A recuperação se estende ao longo do segundo semestre, com o FCF do terceiro trimestre de 2026 estimado em cerca de US$ 14 bilhões (+127% em relação ao mesmo período do ano anterior) e o FCF do quarto trimestre de 2026 em cerca de US$ 12 bilhões (+124% em relação ao mesmo período do ano anterior).
A questão principal é se a normalização da situação no Estreito de Ormuz e a queda no preço do petróleo bruto reduzirão as margens realizadas o suficiente para interromper a trajetória do FCF que sustenta a tese de reclassificação.
A recuperação do FCF da XOM supera a da CVX e da SHEL até 2026, segundo estimativas de consenso

O fluxo de caixa livre da ExxonMobil caiu 68% em relação ao mesmo período do ano anterior no 1º trimestre de 2026, a queda mais acentuada entre suas três principais concorrentes, com a Chevron (CVX) registrando queda de 45% e a Shell (SHEL), de 219% no mesmo trimestre.

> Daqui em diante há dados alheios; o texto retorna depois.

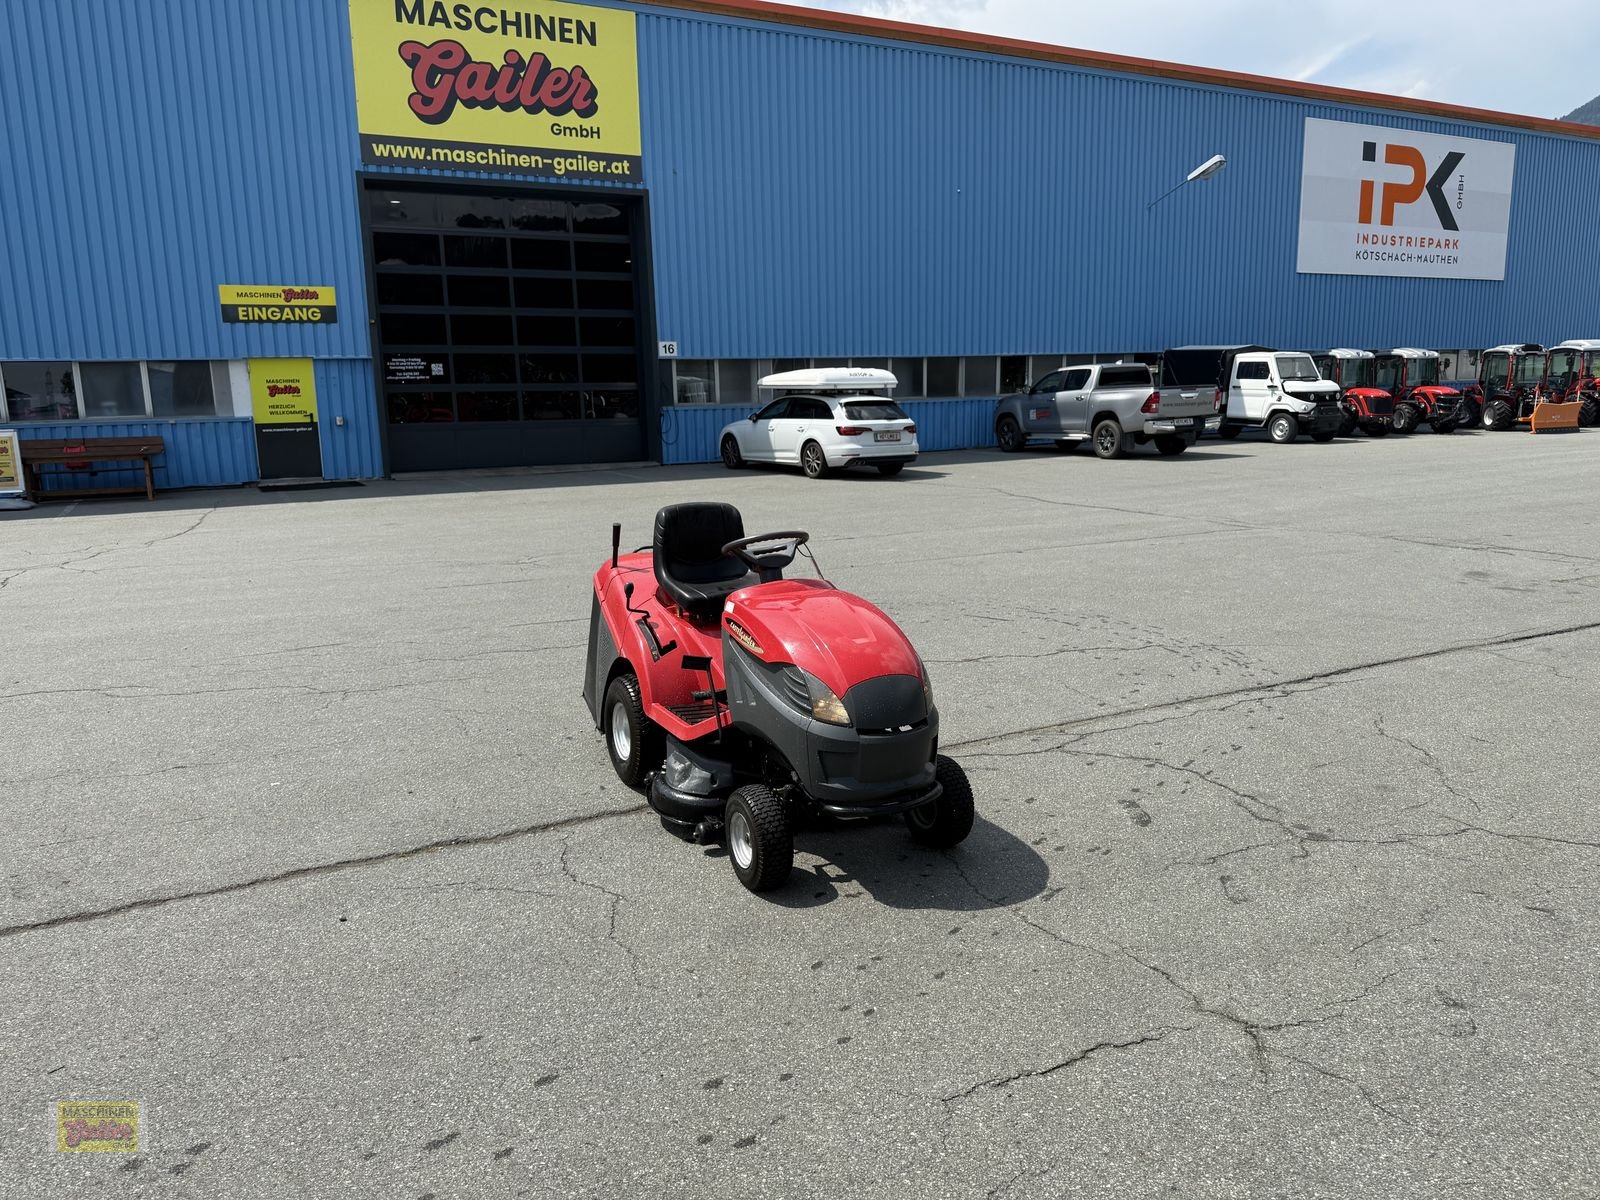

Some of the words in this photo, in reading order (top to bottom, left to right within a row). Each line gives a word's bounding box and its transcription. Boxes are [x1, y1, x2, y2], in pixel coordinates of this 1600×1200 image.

Analistas esperam que o FCF da XOM suba cerca de 352% em relação ao mesmo período do ano anterior no segundo trimestre de 2026, superando a CVX, com cerca de 152%, e a SHEL, com cerca de 34% — a maior diferença de recuperação entre as três grandes empresas.
A diferença se amplia ainda mais no primeiro trimestre de 2027, quando o crescimento estimado do FCF da XOM atinge cerca de 1.165% em relação ao mesmo período do ano anterior, contra cerca de 654% da CVX e cerca de 117% da SHEL, uma trajetória que reflete tanto a baixa base do primeiro trimestre de 2026 quanto o efeito cumulativo do crescimento de volume nas regiões do Permiano e da Guiana.

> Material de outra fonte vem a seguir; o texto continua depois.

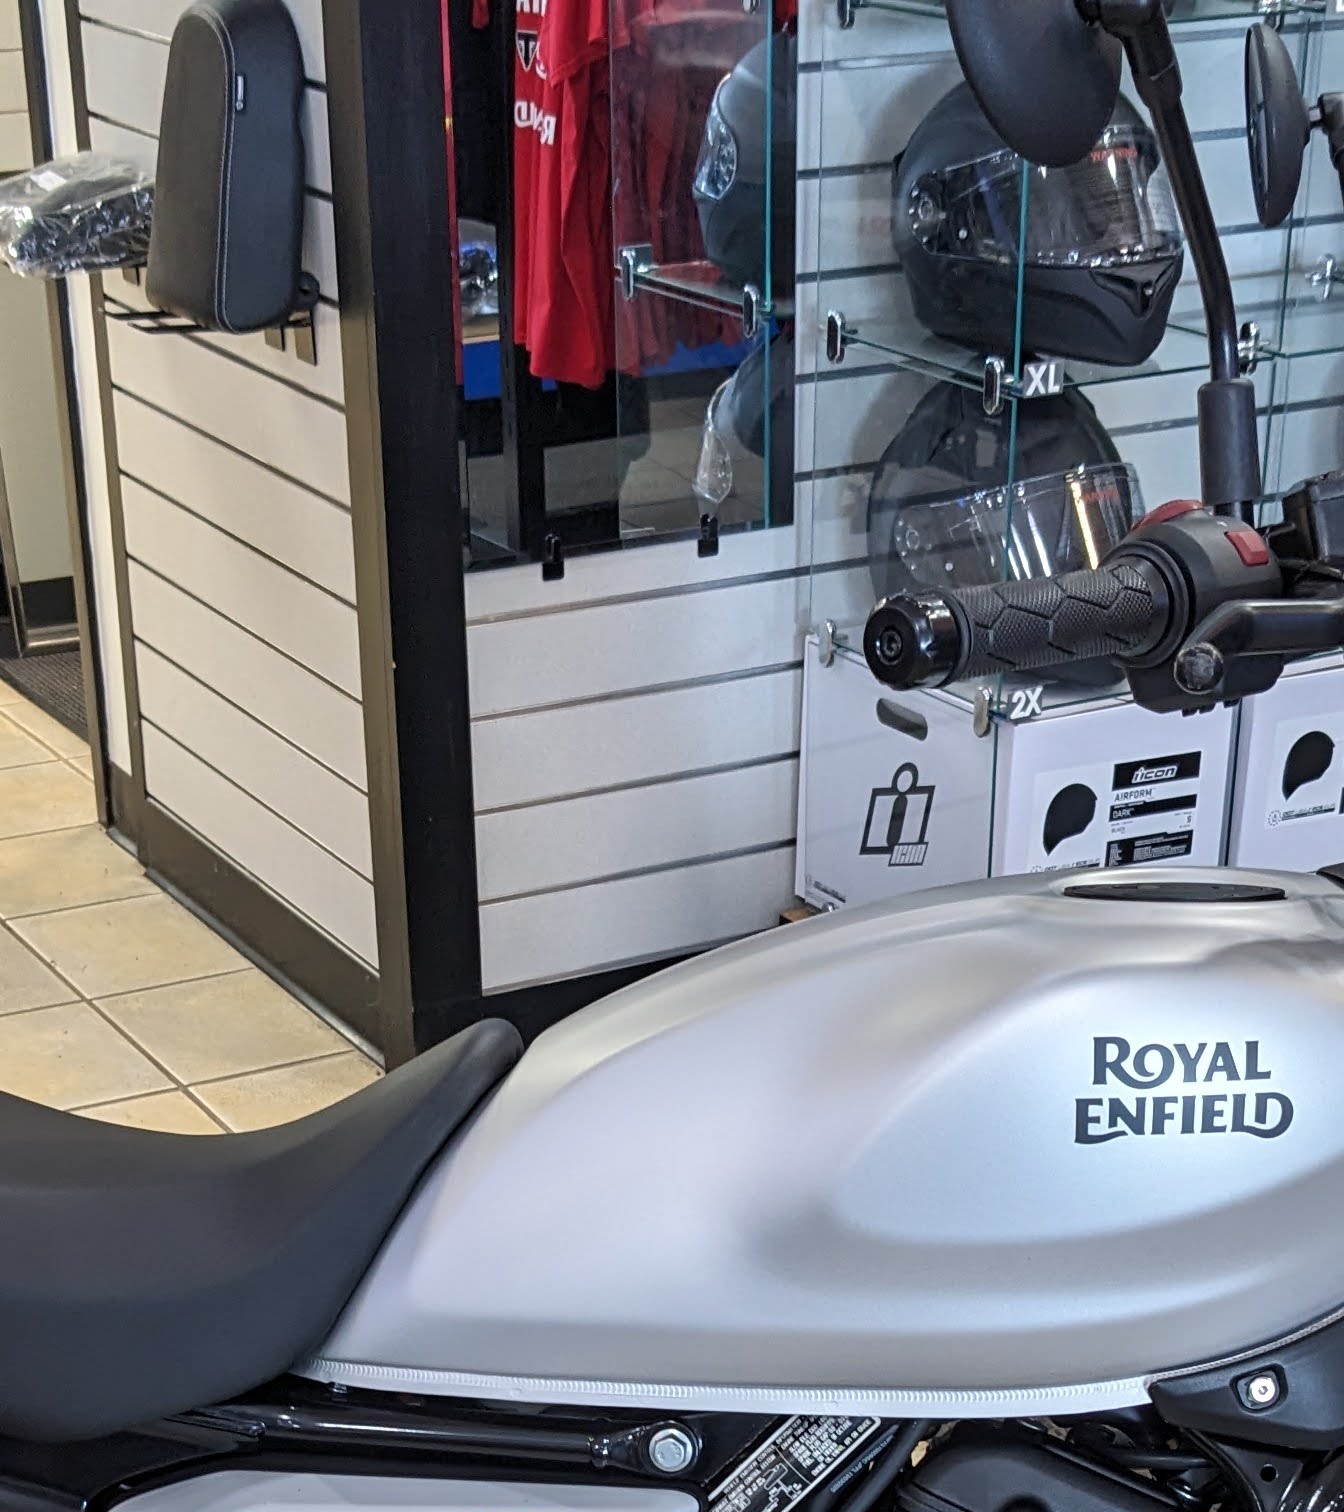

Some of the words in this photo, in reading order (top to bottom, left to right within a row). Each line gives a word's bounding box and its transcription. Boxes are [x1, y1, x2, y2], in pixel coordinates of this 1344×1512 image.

[1026, 363, 1061, 397] XL
[1010, 686, 1044, 720] 2X
[1114, 788, 1154, 802] AIRFORM
[1092, 1036, 1272, 1089] ROYAL
[1074, 1092, 1294, 1145] ENFIELD

A meta de US$ 148 da TIKR para as ações da XOM se mantém caso a reversão do FCF chegue ao balanço patrimonial
O modelo de cenário intermediário da TIKR avalia a ExxonMobil em cerca de US$ 148 até dezembro de 2030, o que implica um retorno total de cerca de 9% em relação ao preço atual de US$ 137, ou aproximadamente 2% ao ano ao longo de 4,5 anos.

Esse perfil de retorno sugere que o mercado avalia as ações da ExxonMobil mais como um veículo maduro de retorno de capital do que como um investimento de crescimento composto, o que é consistente com a forte ponderação de “manter” no consenso dos analistas.

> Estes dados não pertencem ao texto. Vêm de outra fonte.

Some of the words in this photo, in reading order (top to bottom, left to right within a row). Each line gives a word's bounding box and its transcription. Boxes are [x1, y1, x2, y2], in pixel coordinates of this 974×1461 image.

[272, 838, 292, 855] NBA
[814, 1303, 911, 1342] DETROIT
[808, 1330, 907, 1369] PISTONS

O argumento para atingir US$ 148 baseia-se na recuperação do fluxo de caixa livre (FCF) já incorporada às estimativas do 2º ao 4º trimestre de 2026: se US$ 14 bilhões do fluxo de caixa livre do segundo trimestre chegarem ao balanço patrimonial, conforme prevê a tese da administração sobre a reversão do timing, a ação a US$ 137 absorverá esse caixa sem reajuste de preço, criando uma base de avaliação comprimida que sustenta a trajetória de longo prazo.
A ExxonMobil gerou US$ 20 bilhões em recompra de ações em 2025 e tem como meta US$ 20 bilhões novamente em 2026, um programa de retorno de capital que sustenta o crescimento do lucro por ação independentemente da direção dos preços das commodities.